Task statement: Exclude all pictures from your copy of the data below, which should otherwise match exactly.

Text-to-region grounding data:
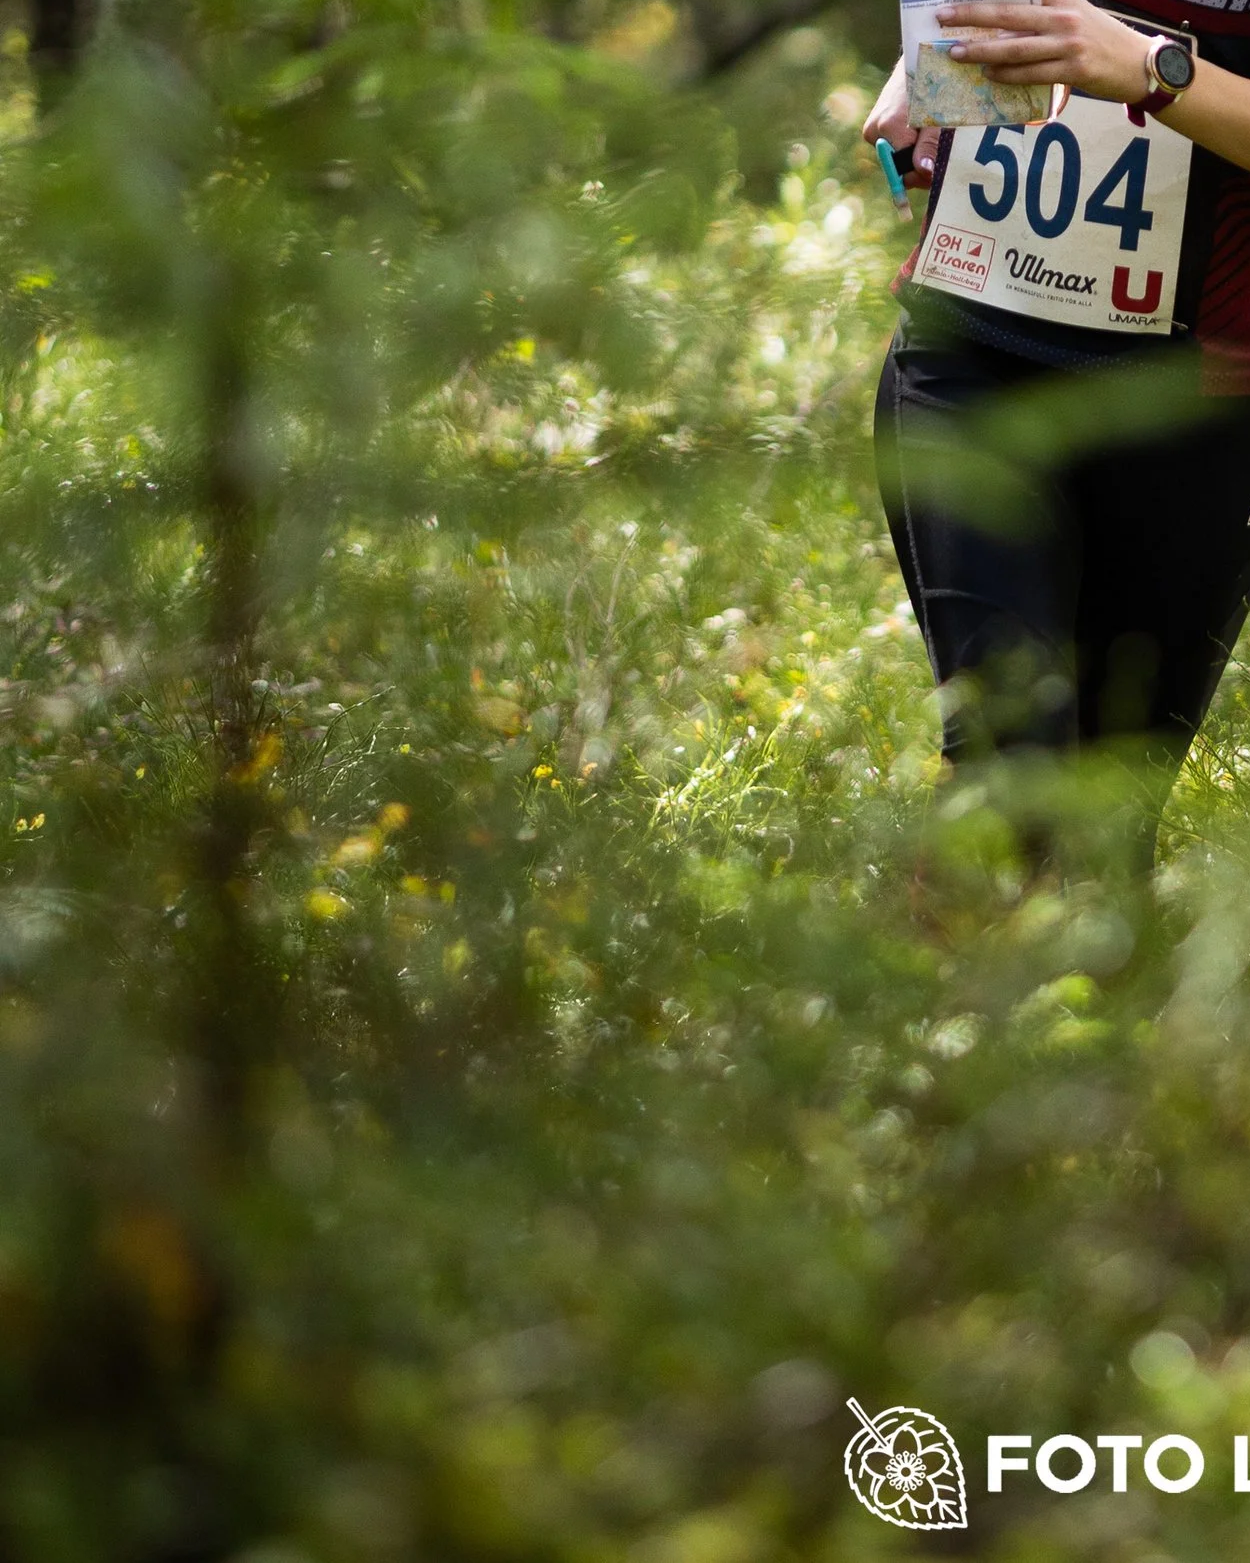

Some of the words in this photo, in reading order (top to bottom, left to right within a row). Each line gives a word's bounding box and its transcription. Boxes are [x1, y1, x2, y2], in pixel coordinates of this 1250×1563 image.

[968, 122, 1153, 251] 504
[934, 248, 986, 275] Tisaren
[1005, 248, 1096, 294] Ullmax
[1108, 313, 1157, 326] UMARA

Answer:
Some of the words in this photo, in reading order (top to bottom, left to right within a row). Each line gives a word's bounding box and its transcription. Boxes are [x1, y1, x2, y2], in pixel coordinates of this 1250×1563 image.

[968, 122, 1153, 251] 504
[934, 248, 986, 275] Tisaren
[1005, 248, 1096, 294] Ullmax
[1108, 313, 1157, 326] UMARA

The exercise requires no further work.